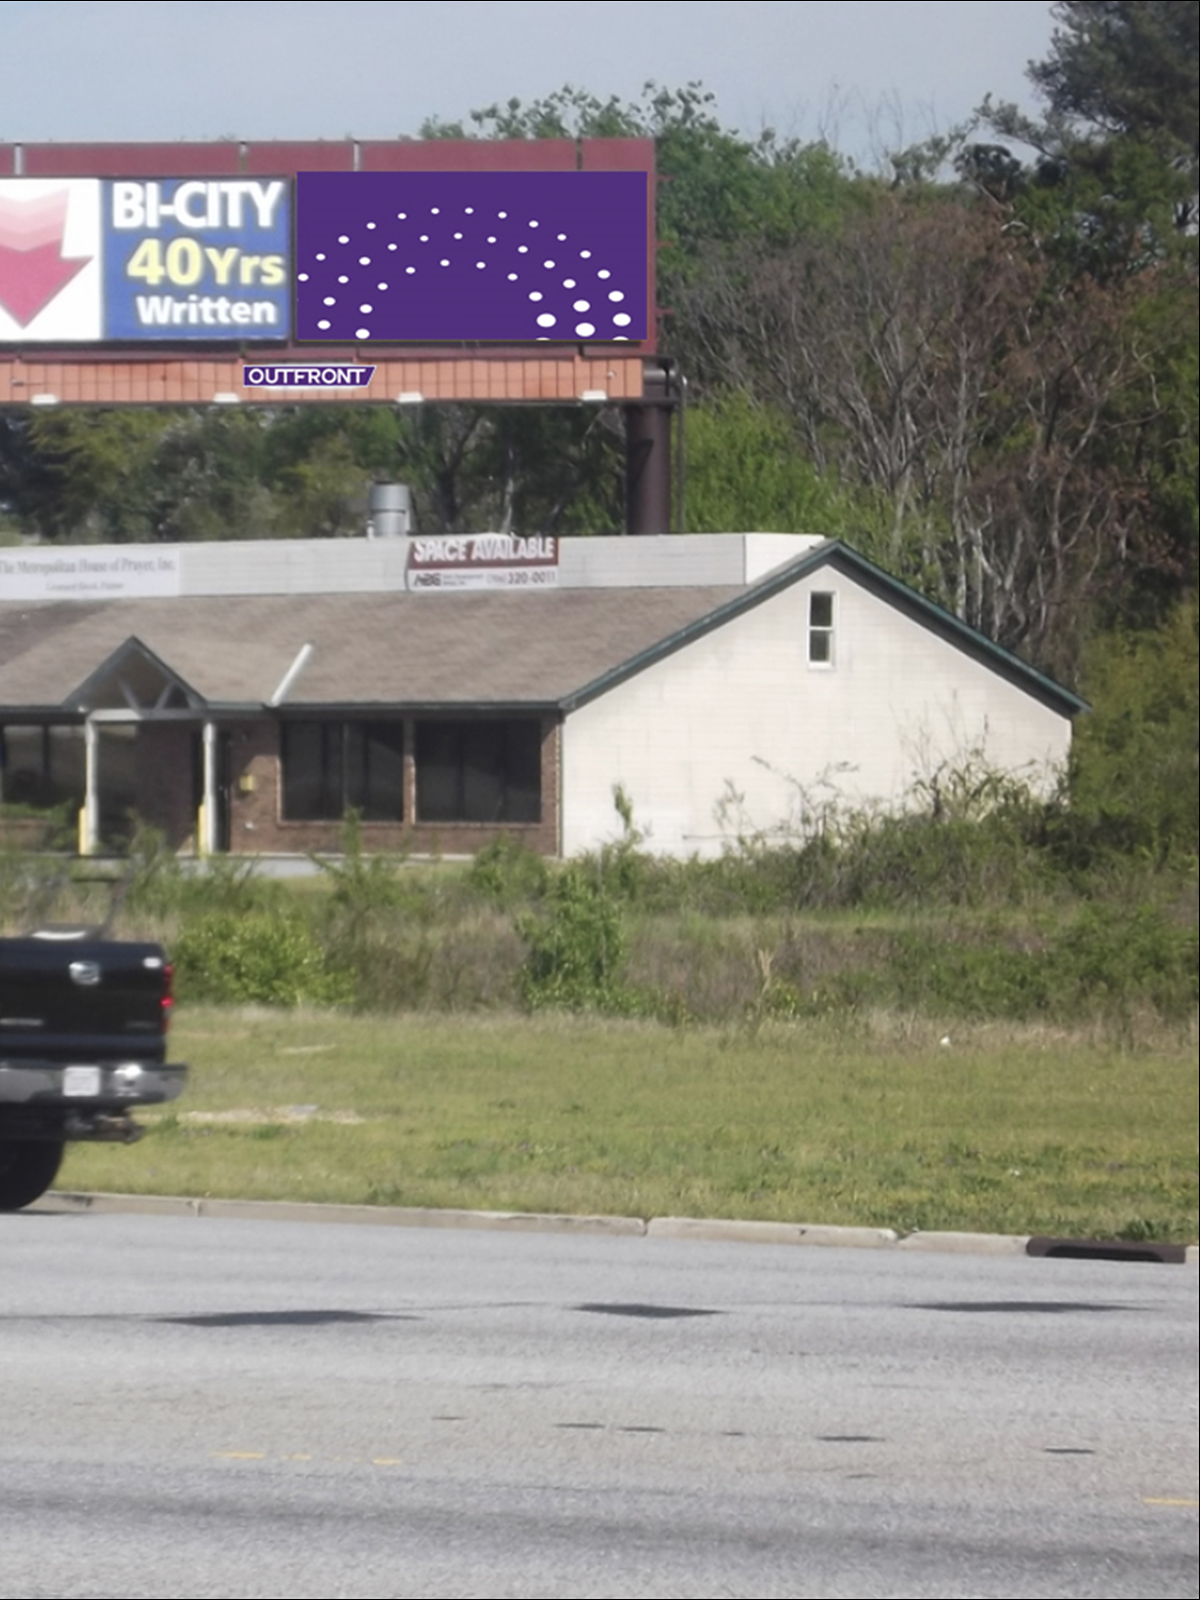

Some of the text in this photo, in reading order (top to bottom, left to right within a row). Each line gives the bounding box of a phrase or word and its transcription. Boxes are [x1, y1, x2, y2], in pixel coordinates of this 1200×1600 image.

[113, 181, 283, 229] BI-CITY
[136, 294, 277, 325] Written
[248, 368, 366, 384] OUTFRONT
[413, 536, 555, 562] SPACE AVAILABLE
[18, 558, 76, 576] Metropolitan
[79, 558, 107, 573] House
[110, 558, 120, 572] of
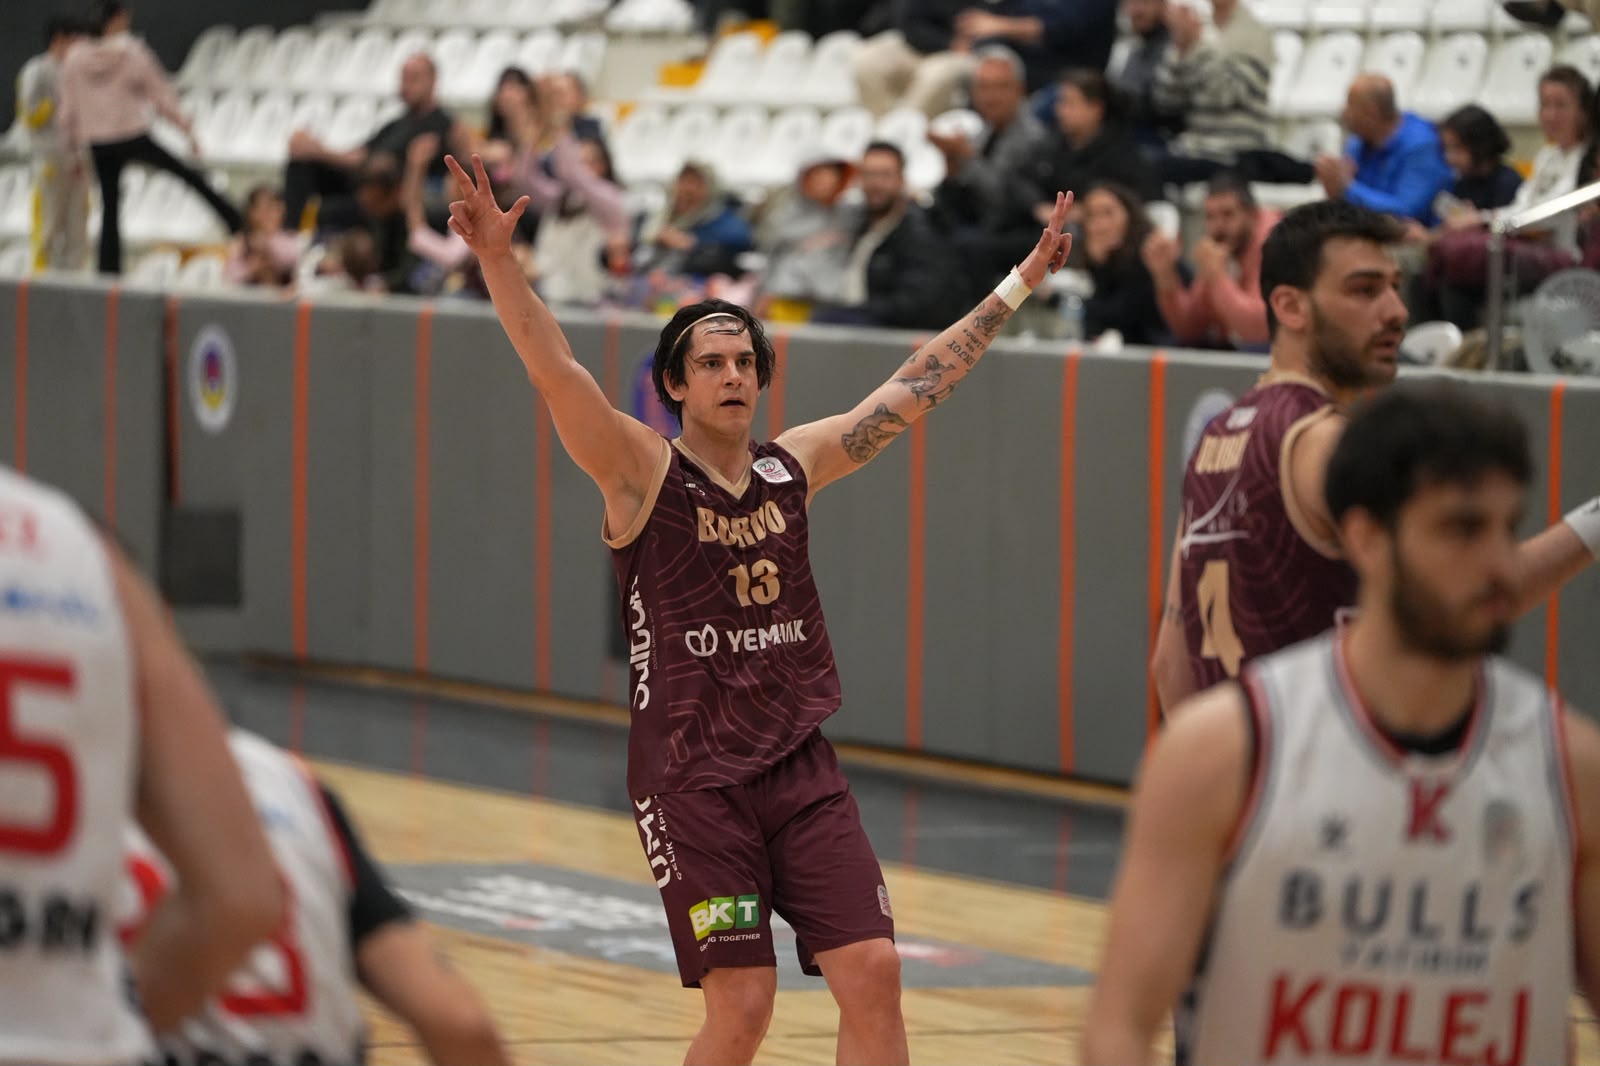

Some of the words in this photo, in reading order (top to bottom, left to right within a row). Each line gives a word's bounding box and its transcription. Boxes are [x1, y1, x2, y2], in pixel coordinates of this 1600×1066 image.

[946, 340, 976, 367] ENJOY
[696, 500, 786, 548] BORDO
[728, 558, 781, 607] 13
[1197, 560, 1245, 678] 4
[1405, 777, 1452, 845] K
[690, 900, 757, 935] BKT
[1277, 866, 1543, 945] BULLS
[718, 933, 760, 943] TOGETHER
[1263, 973, 1531, 1066] KOLEJ
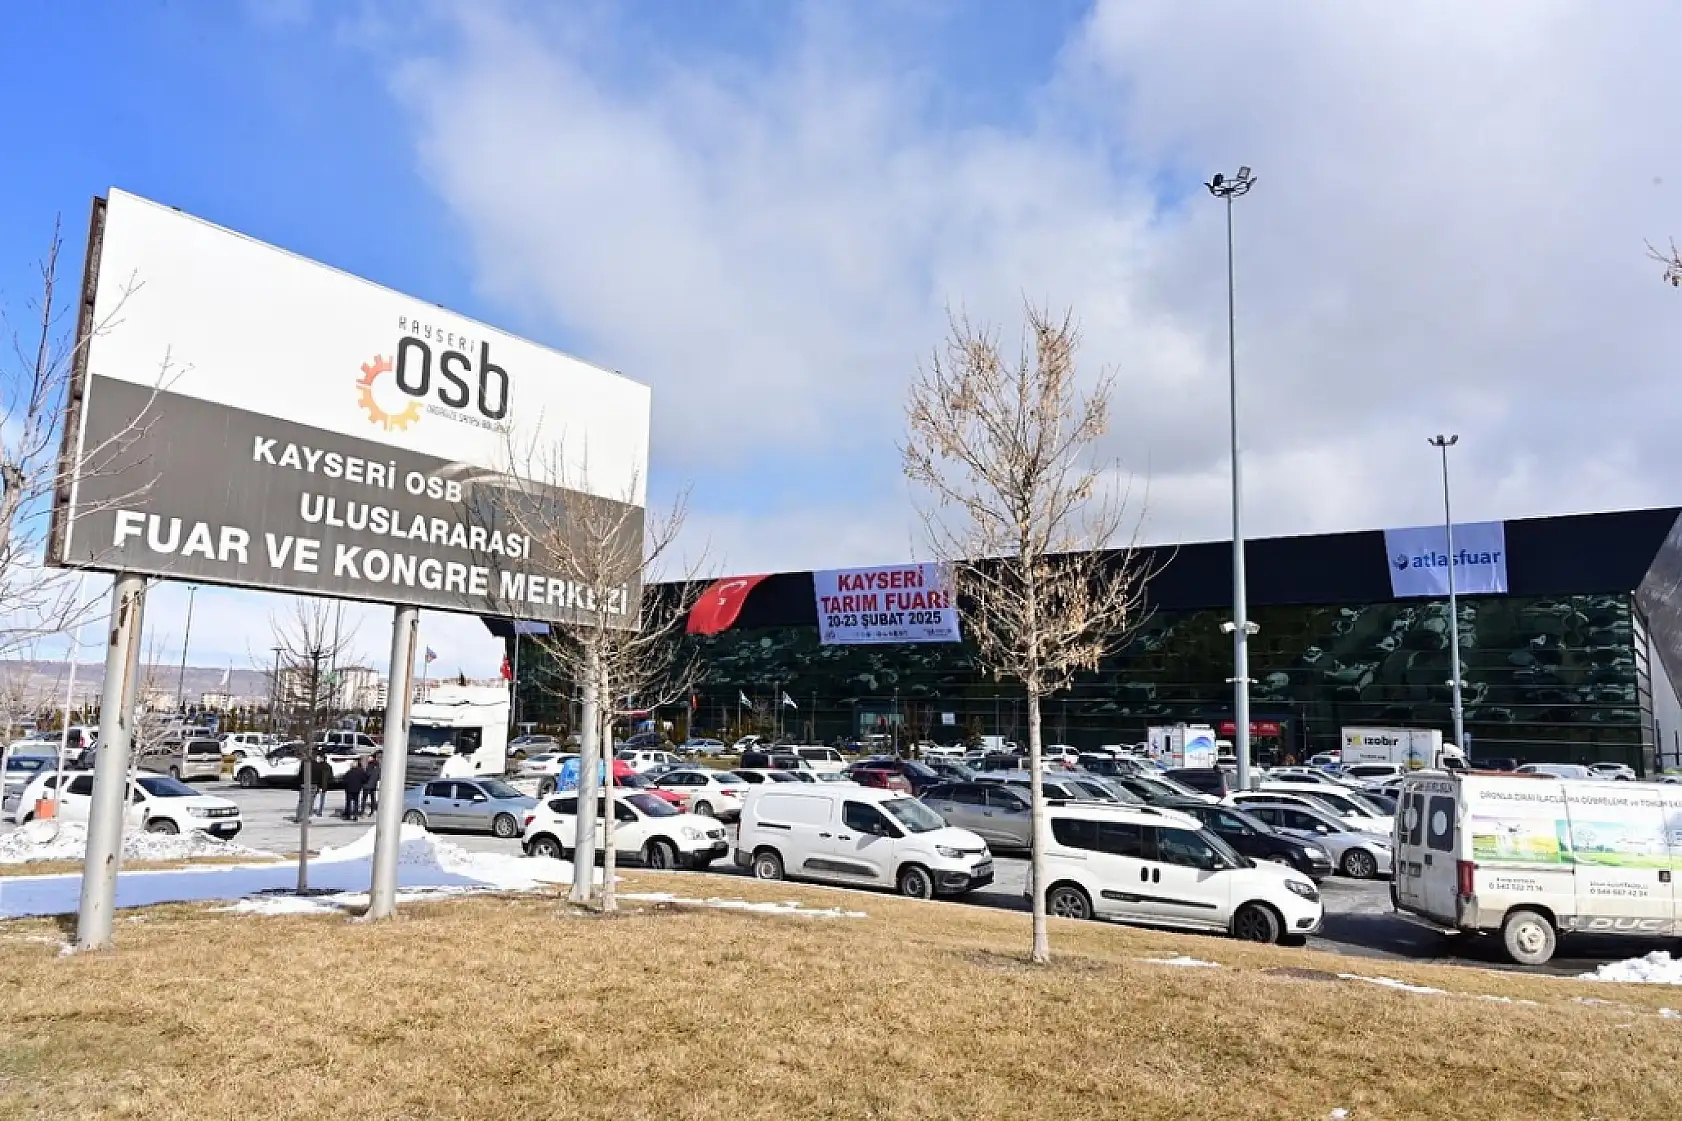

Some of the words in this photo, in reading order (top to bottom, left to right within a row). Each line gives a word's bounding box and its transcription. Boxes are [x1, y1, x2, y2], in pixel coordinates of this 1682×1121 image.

[253, 435, 397, 490] KAYSERİ
[405, 471, 462, 503] OSB
[300, 492, 531, 560] ULUSLARARASI
[113, 509, 251, 564] FUAR
[264, 532, 321, 573] VE
[334, 543, 490, 596] KONGRE
[1412, 549, 1501, 568] atlasfuar
[838, 565, 923, 592] KAYSERİ
[820, 593, 879, 613] TARIM
[827, 614, 858, 627] 20-23
[861, 612, 904, 629] ŞUBAT
[909, 610, 942, 625] 2025
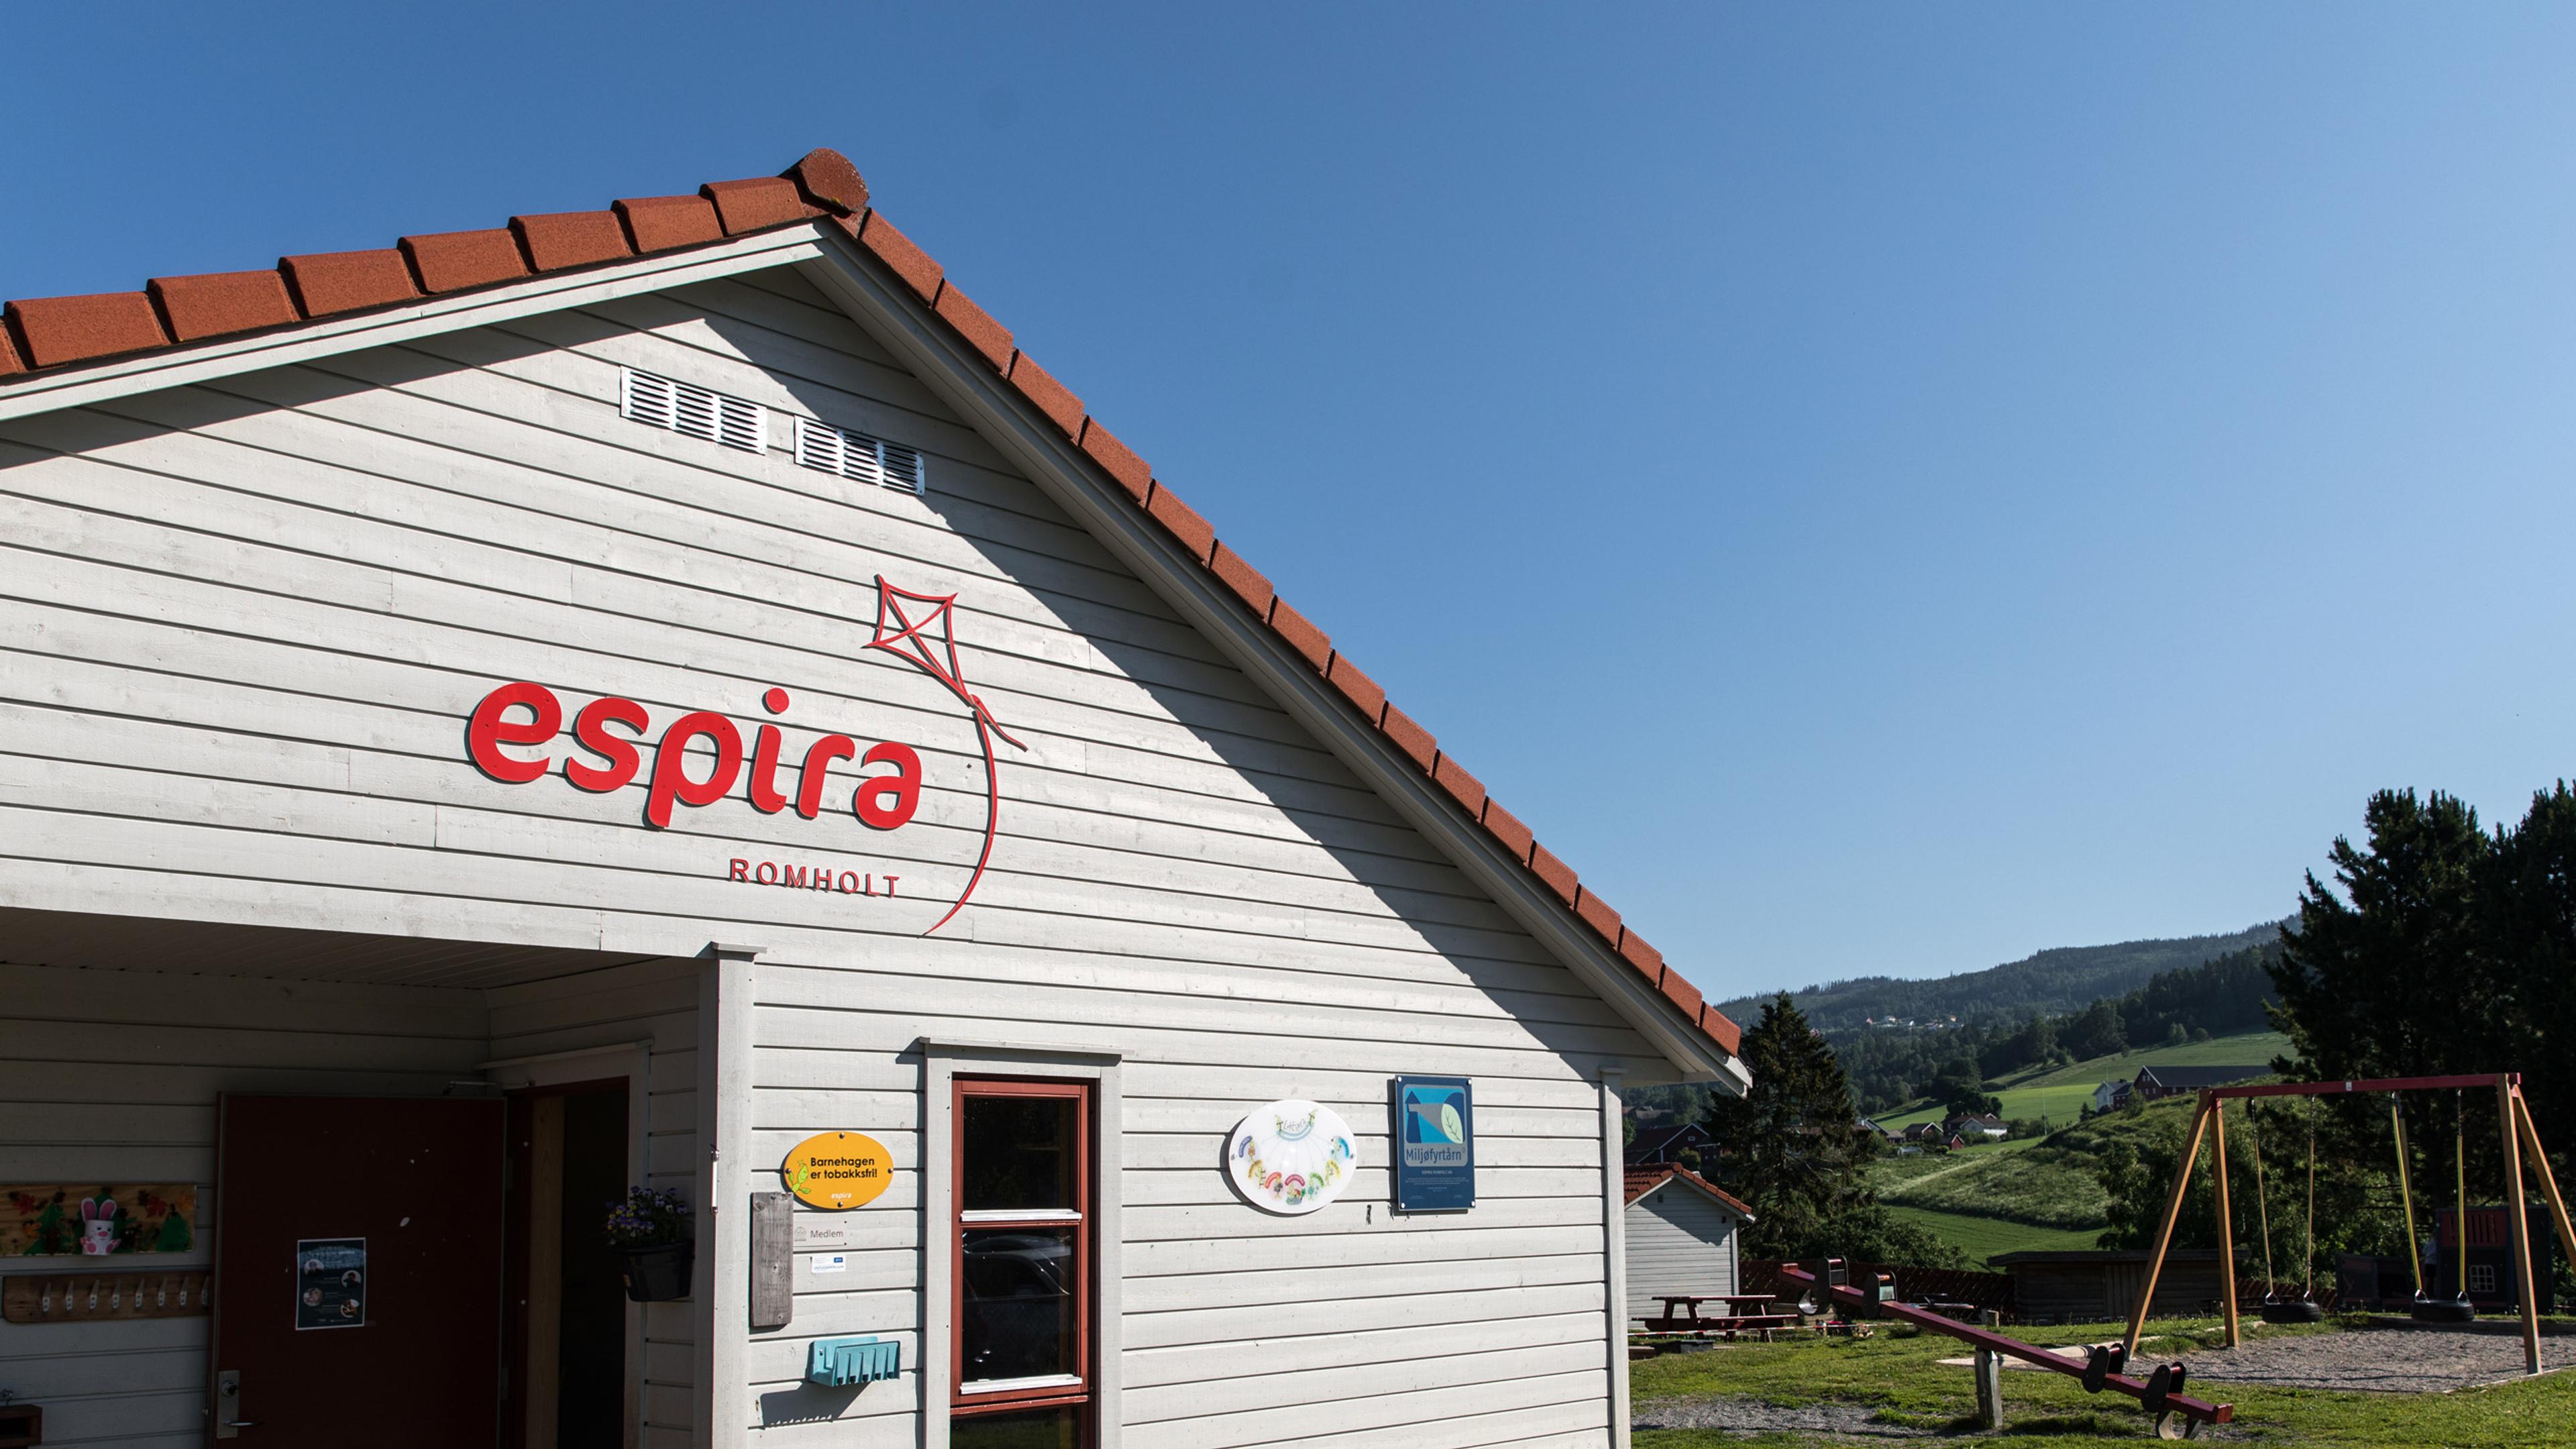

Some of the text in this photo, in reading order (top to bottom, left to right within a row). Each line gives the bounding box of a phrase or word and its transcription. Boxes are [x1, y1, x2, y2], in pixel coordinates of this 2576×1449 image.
════════════════
Return all of the data exactly as written, and drop the pictures.

Some of the text in this photo, in reading order (top to bottom, left to right within a row). Each line gives the bounding box of a phrase or word and its transcription. Boxes are [x1, y1, x2, y2], in pixel coordinates of this 1200×1600 image.

[113, 181, 283, 229] BI-CITY
[136, 294, 277, 325] Written
[248, 368, 366, 384] OUTFRONT
[413, 536, 555, 562] SPACE AVAILABLE
[18, 558, 76, 576] Metropolitan
[79, 558, 107, 573] House
[110, 558, 120, 572] of

Some of the words in this photo, in reading order (top to bottom, left to right within a row). Each line gives a word's bounding box and its transcription. Boxes are [x1, y1, x2, y2], in pixel coordinates of this 1600×1066 image.

[946, 340, 976, 367] ENJOY
[696, 500, 786, 548] BORDO
[728, 558, 781, 607] 13
[1197, 560, 1245, 678] 4
[1405, 777, 1452, 845] K
[690, 900, 757, 935] BKT
[1277, 866, 1543, 945] BULLS
[718, 933, 760, 943] TOGETHER
[1263, 973, 1531, 1066] KOLEJ

Some of the words in this photo, in reading order (top to bottom, left to right within a row). Each line gives a word's bounding box and its transcription. Boxes are [x1, y1, x2, y2], in pixel coordinates of this 1682×1121 image.

[253, 435, 397, 490] KAYSERİ
[405, 471, 462, 503] OSB
[300, 492, 531, 560] ULUSLARARASI
[113, 509, 251, 564] FUAR
[264, 532, 321, 573] VE
[334, 543, 490, 596] KONGRE
[1412, 549, 1501, 568] atlasfuar
[838, 565, 923, 592] KAYSERİ
[820, 593, 879, 613] TARIM
[827, 614, 858, 627] 20-23
[861, 612, 904, 629] ŞUBAT
[909, 610, 942, 625] 2025

Some of the text in this photo, in reading order (top to bottom, left to right within a row). Each line gives the bounding box of a phrase or word and its transcription. Boxes are [x1, y1, x2, y2], in pixel coordinates of this 2576×1449 image.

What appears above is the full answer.